The Fort Myers girl (named Emily “Ellie” Botyos) lied and said she was 18. In reality, Couture says, Ellie was nowhere near 18 when Danesh engaged with her. Now, three years later, she is over 18.
“I think it says a lot about him,” Couture said of Noshirvan.
She believes Danesh knew exactly what he was getting into. Teenage Emily Botyos wanted fame, as evidenced by her current TikTok profile with 83,000 followers and Instagram profile with 44,000 more followers. Danesh was prepared to give it to her, for a price.
“They hurt children,” Couture concluded. “That’s predatory, in my opinion.”
Meanwhile, Noshirvan continues to wield the “pedo” sword against others as if it were a harmless TikTok catchphrase. Public records show a pattern: He starts feuds by slapping the “predator/pedophile” label on his target, then unleashes an online mob.
In one case, he fixated on Texas high school coach Aaron De La Torre and bombarded him with baseless accusations. Local authorities cleared him of any wrongdoing, but not before that coach ended his own life.
In Couture’s case, Judge Steele found Noshirvan’s posts about her legal team were “false, inflammatory, and intentionally made to incite followers to engage in foreseeable harassment and intimidation.”
This is the core contradiction: he screams about protecting children from danger, yet leaves a trail of child-themed smoke around himself. Critics call it a giant, flashing tell.
Screaming Pedo Hiding Paperwork: Consciousness of Guilt, Courtroom Edition
Lawyers see patterns. Judges teach juries how to read those patterns. They call it “consciousness of guilt.” It means a defendant’s own behavior can hint at what’s lurking in his mind.
For example, model jury instructions say false statements can indicate a guilty conscience. But they also caution that this kind of evidence “is never enough by itself” to convict. These guardrails prevent jurors from leaping from suspicion to verdict without more.
Federal courts echo the warning. The Eleventh Circuit’s pattern charge on fleeing or hiding says it’s “not sufficient in itself to establish guilt.” But if proved, jurors may consider such conduct alongside all other evidence. And crucially, jurors get to decide how much weight – if any – to give it.
The instruction even reminds them there could be innocent reasons for flight, concealment, or projection (fear, panic, etc.).
In plain English: acting guilty doesn’t always mean you are, but it’s usually not a great look. And here, Danesh now has an additional pattern of behavior – projection – that he must explain to the satisfaction of the jury and the judge.
To date, Danesh claims he’s been influenced by an amorphous “fear” for himself, his wife, and his children. But that doesn’t add up.

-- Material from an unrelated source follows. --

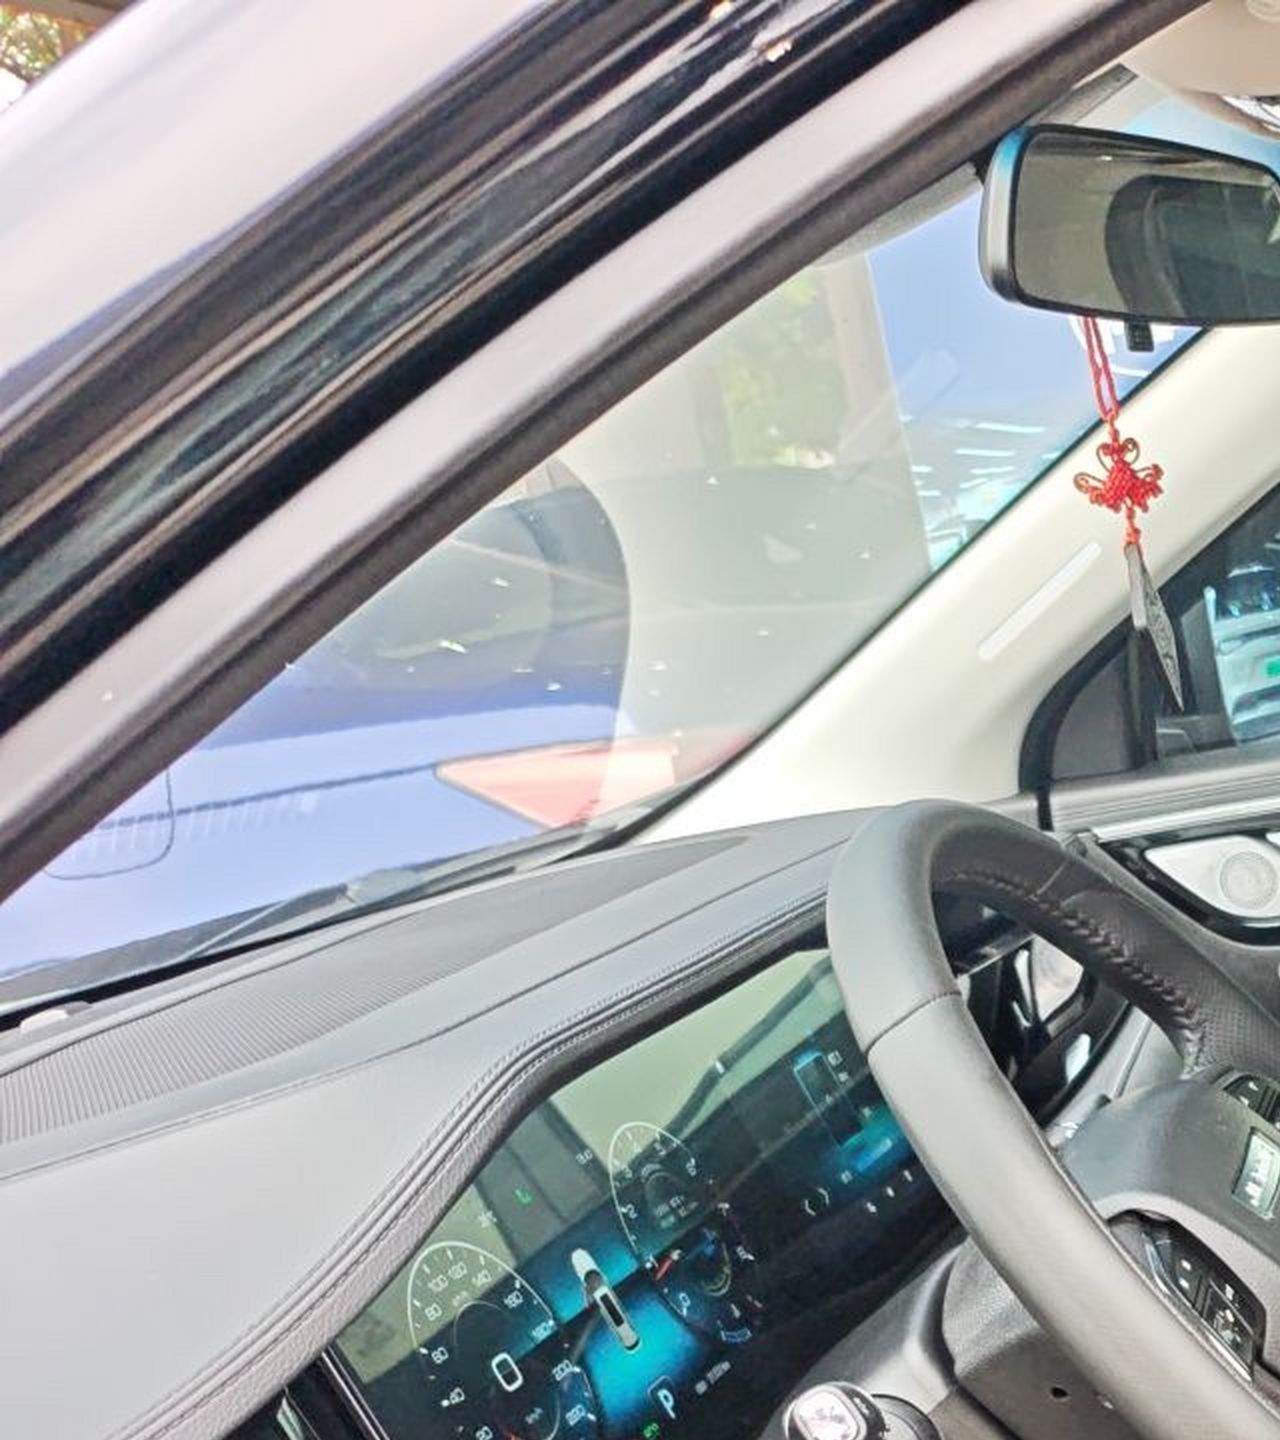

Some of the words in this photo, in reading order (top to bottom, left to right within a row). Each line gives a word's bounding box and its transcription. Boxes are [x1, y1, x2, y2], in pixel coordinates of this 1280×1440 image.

[428, 1275, 449, 1292] 100
[491, 1352, 523, 1392] 0
[657, 1388, 677, 1419] P

Danesh is a Mega Influencer and public figure with millions of followers across multiple platforms. He engages in content creation for profit. He involves his wife and children in his story lines and Woke advocacy. If he and his family are “exposed,” clearly it’s Noshirvan who has opened the door.
Try again, Danesh.
All of this is against the evidentiarybackdrop now brewing in Fort Myers. Judge John Steele already slapped Noshirvan with a sanctions order, but he has not paid. The $62,320 in attorney fees was due immediately in October.
If Noshirvan keeps up the delinquency act, his entire case could be dismissed. It’s three months later, and federal court orders cannot be seen to be “optional.”
Separately, Danesh blew off a court conference and flouted rules in another case, where looming sanctions or even default on a $20 million claim may result.
So the thesis lands hard. Danesh Noshirvan hurls the most vile accusations on earth at others. At the same time, sworn testimony and his own admissions raise serious questions about his conduct.
Maybe Emily “Ellie” Botyos should be subpoenaed to testify in Danesh’s upcoming cases. She is, after all, a Fort Myers resident.
If this self-anointed “accountability creator” truly wants the world to believe he’s protecting kids, he owes the public some answers under oath – with receipts.
Otherwise, the scream he hears may be his own.